Emre kolay çalım yedi, ligin en çok orta yapan takımlarından olduğu bilinen Ümraniye’nin ortalarında hiç bloklayamadı, çok alan verdi. Büyük takım için daha çok tecrübeye ihtiyacı varmış gibi bir tablo çiziyor. Belki de Sivas gibi ligin daha mütevazı bir ekibinde daha çok süre alıp gelişmesinde kendi adına fayda vardır. Galatasaray’ın ilk yarıda sergilediği futbol ne yapacağını bilmeyen, sanki Ümraniyespor’u karşılamaya çalışan bir takım görüntüsündeydi. Ümraniye ise bu sezonun en etkili oyununu oynadı. Kadro kalitesinin çok üzerinde bir mücadele sergiliyorlar. Rakip kaleye yaklaşmakta, atak geliştirmekte zorlanan sarı kırmızılılar ise bu sezon 90 dakikada yapmadığı ortayı ilk yarıda yaptı. Tam 34 orta!
İkinci yarıda İcardi’nin panenka penaltısıyla skora denge geldi.
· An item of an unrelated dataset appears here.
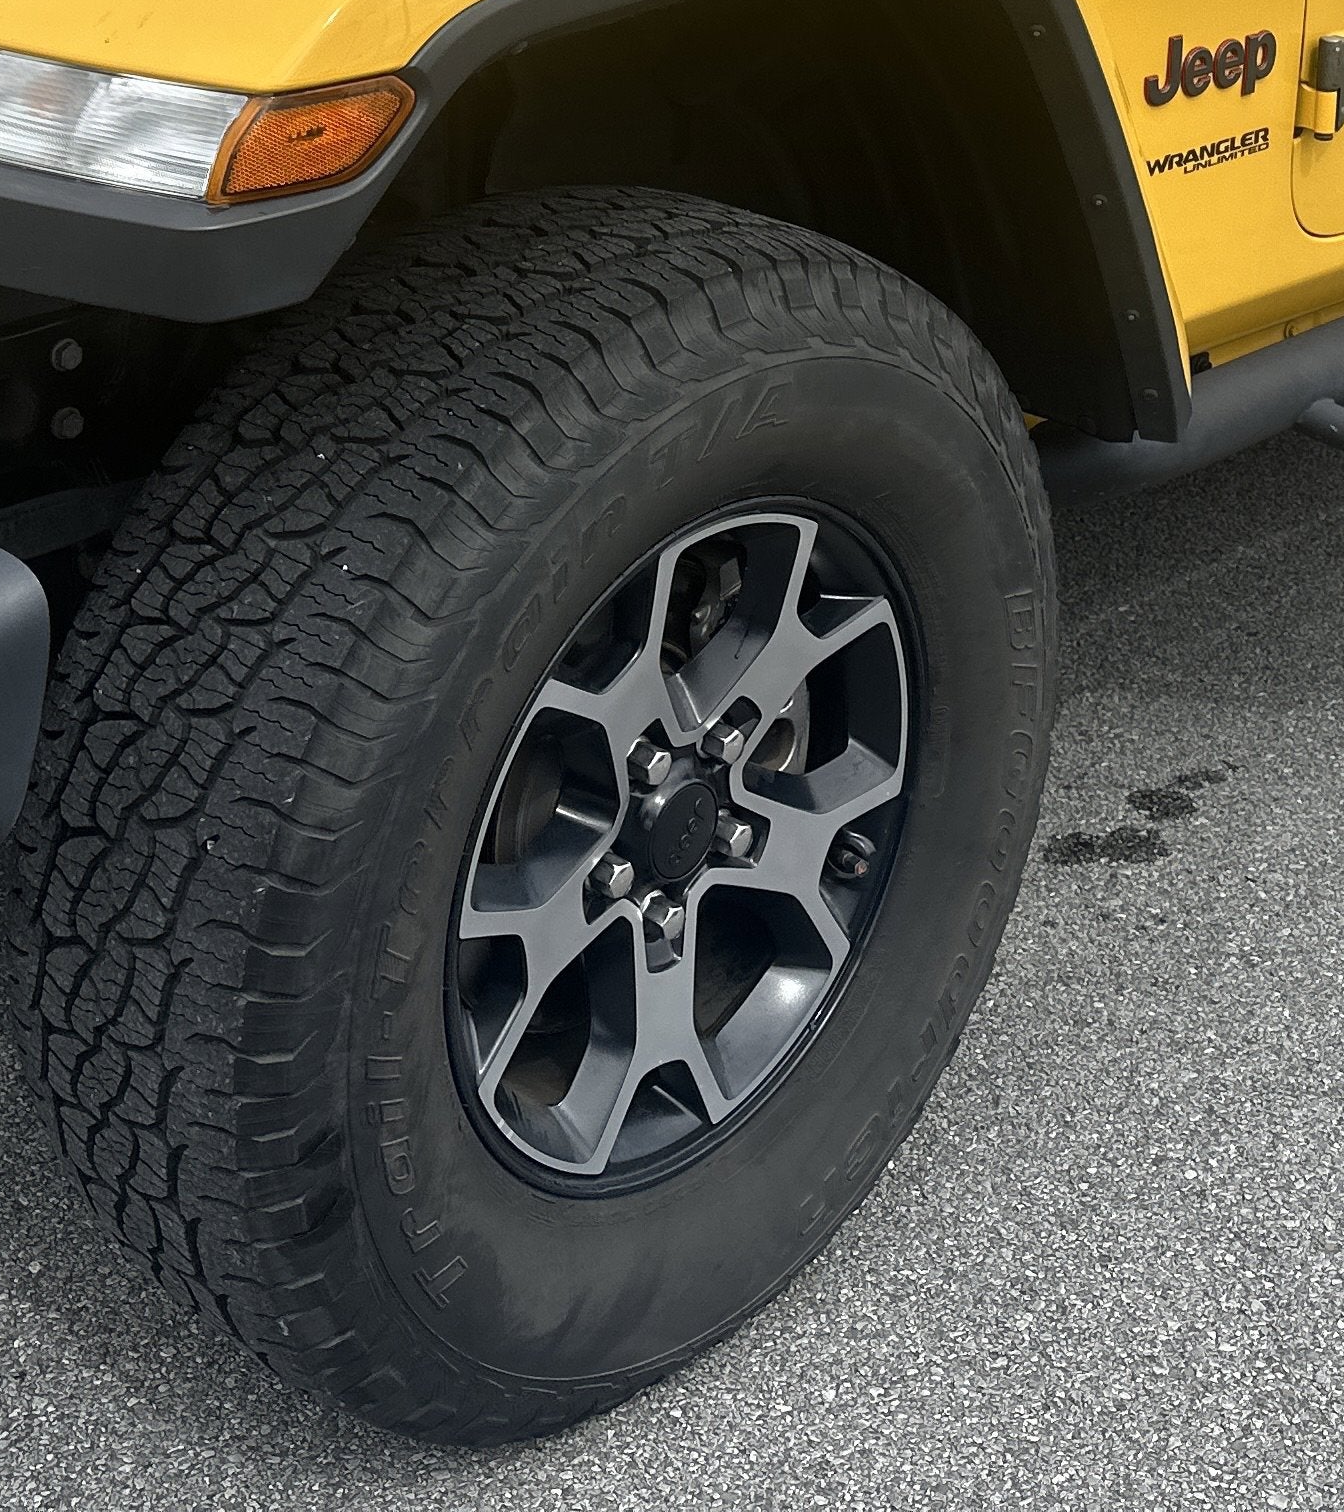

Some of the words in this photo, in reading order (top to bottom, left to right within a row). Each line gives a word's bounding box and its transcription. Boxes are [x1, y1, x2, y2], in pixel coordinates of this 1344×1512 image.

[1143, 29, 1277, 107] Jeep
[1146, 127, 1269, 176] WRANGLER
[1183, 142, 1269, 175] UNLIMITED
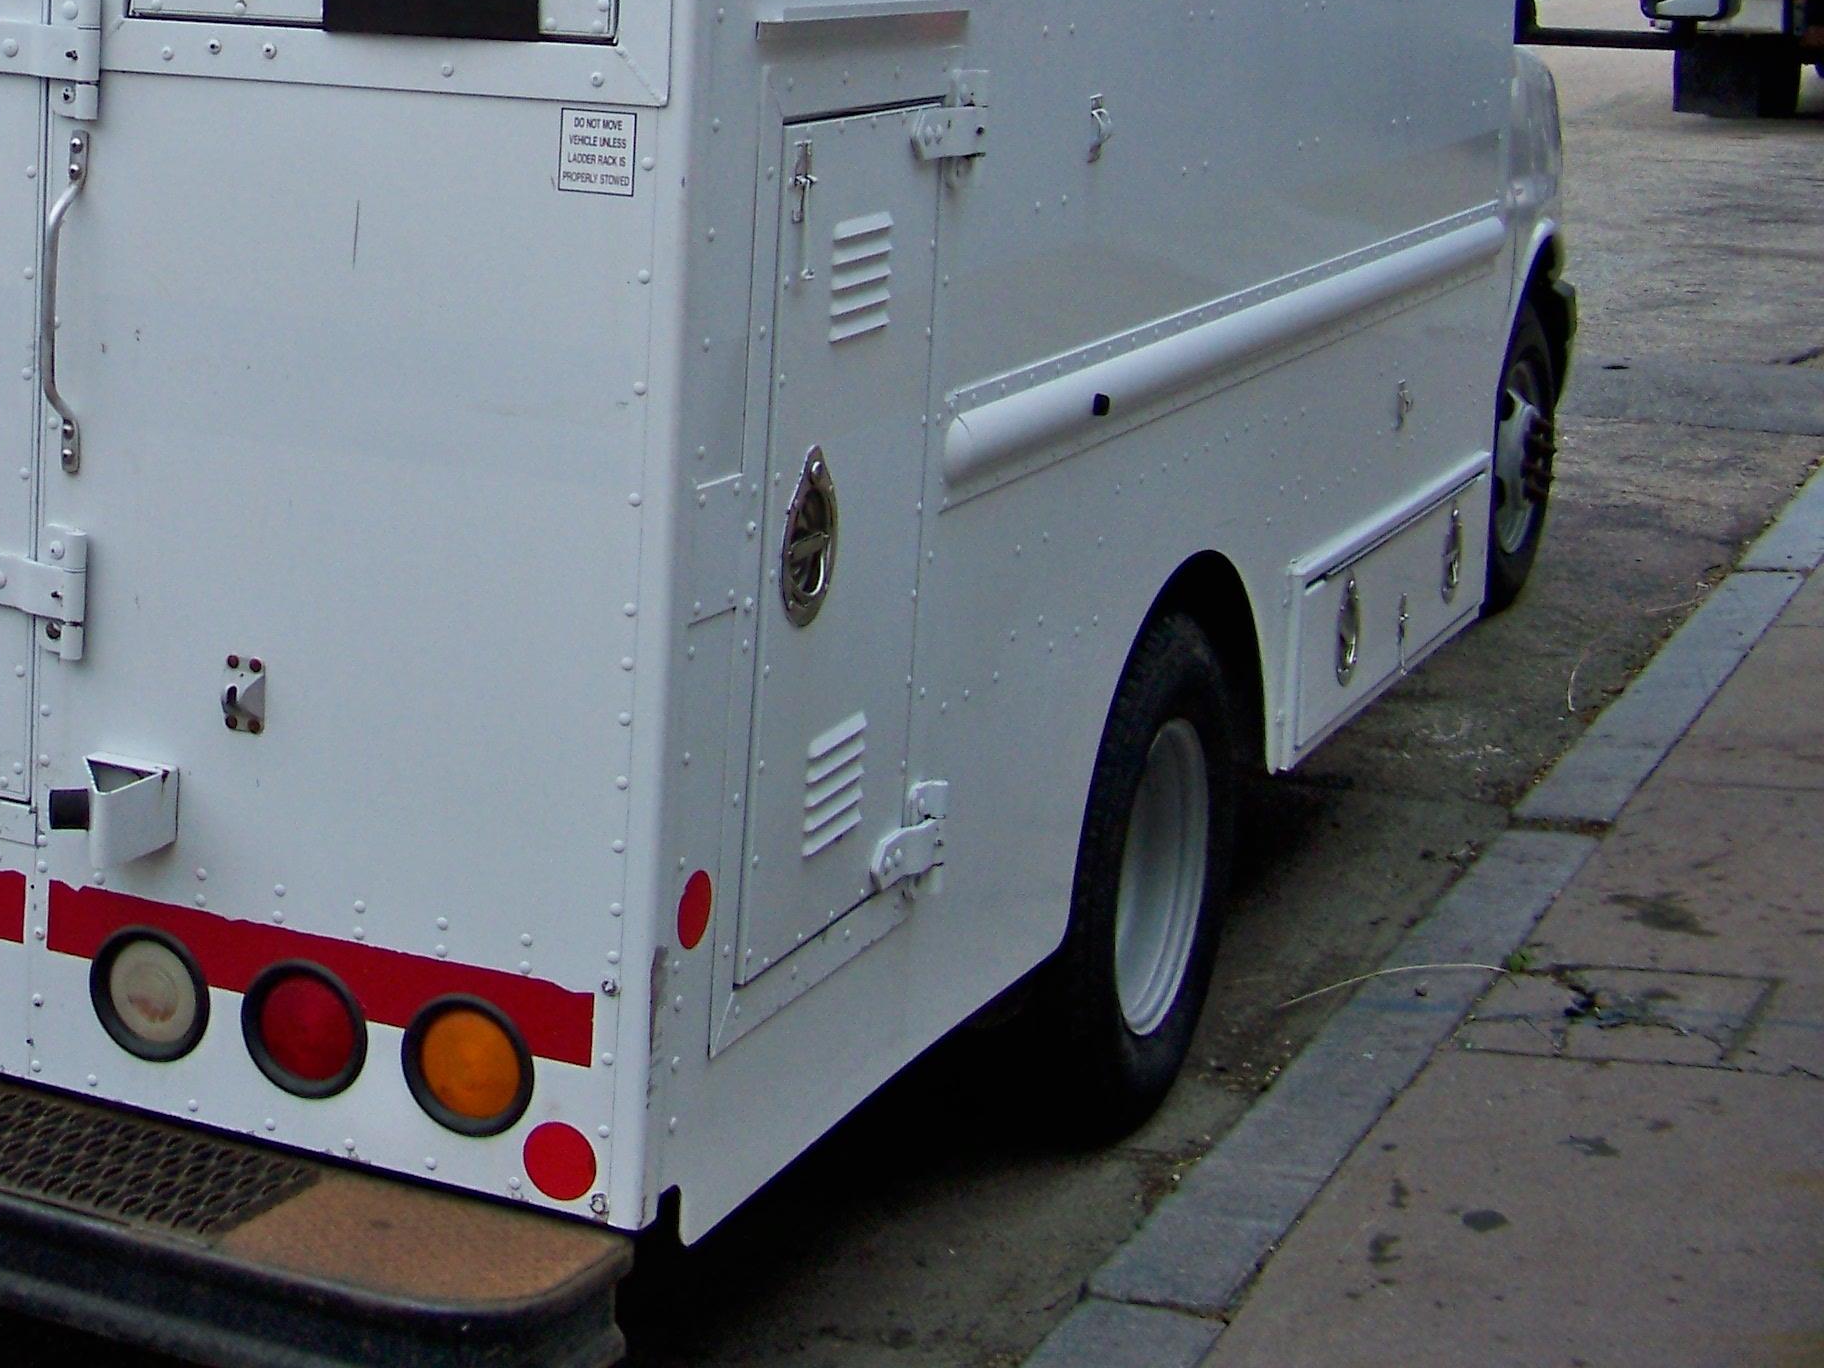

Geçen maç kaçırdığı penaltıdan sonra bu oldukça iddialı bir vuruştu. Şimdi penaltının iki dakika öncesine gidelim ve şu soruya cevap verelim: Mağlup durumdayken penaltı kazanacaksınız panenka dener misiniz? Yok canım deli miyim, riske atmam dediğinizi duyar gibiyim. Ama bu İcardi. Tribünler tedirginken o çok rahat çok profesyonel.
İkinci yarı biraz değişiklikler, biraz rakibin 10 kişi kalması derken, Galatasaray üretmekte zorlandığı oyunu kazandı ve ligdeki galibiyet serisini 11’e çıkardı. Sarı kırmızılılar kazandıkça daha rahat oynuyor, özgüveni artıyor. Devre arasında mağlup durumda olmasına rağmen ısınan oyuncuların şakalaşması, rahat tavırları bunun en büyük göstergesi. Maçı çevirebileceğine inanan bir takım görüntüsü bizlere veriyor.
Pazar günü oynanacak Trabzonspor karşılaşması öncesi bu maçın sarı kırmızılılara gösterdiği birkaç şey var. Sol bek sorunu devam ediyor. Oliveria baskı yediğinde merkezden top dağılımı yok düzeyine geliyor. İcardi ligin çok üzerinde ayrı bir seviye. Kontratağı yerde kafasıyla topa dokunarak durduran Torreira takımın yeni Melo’su. Abdülkerim sadece bir stoper değil kilit açan stoper. Ve neyse ki Muslera var.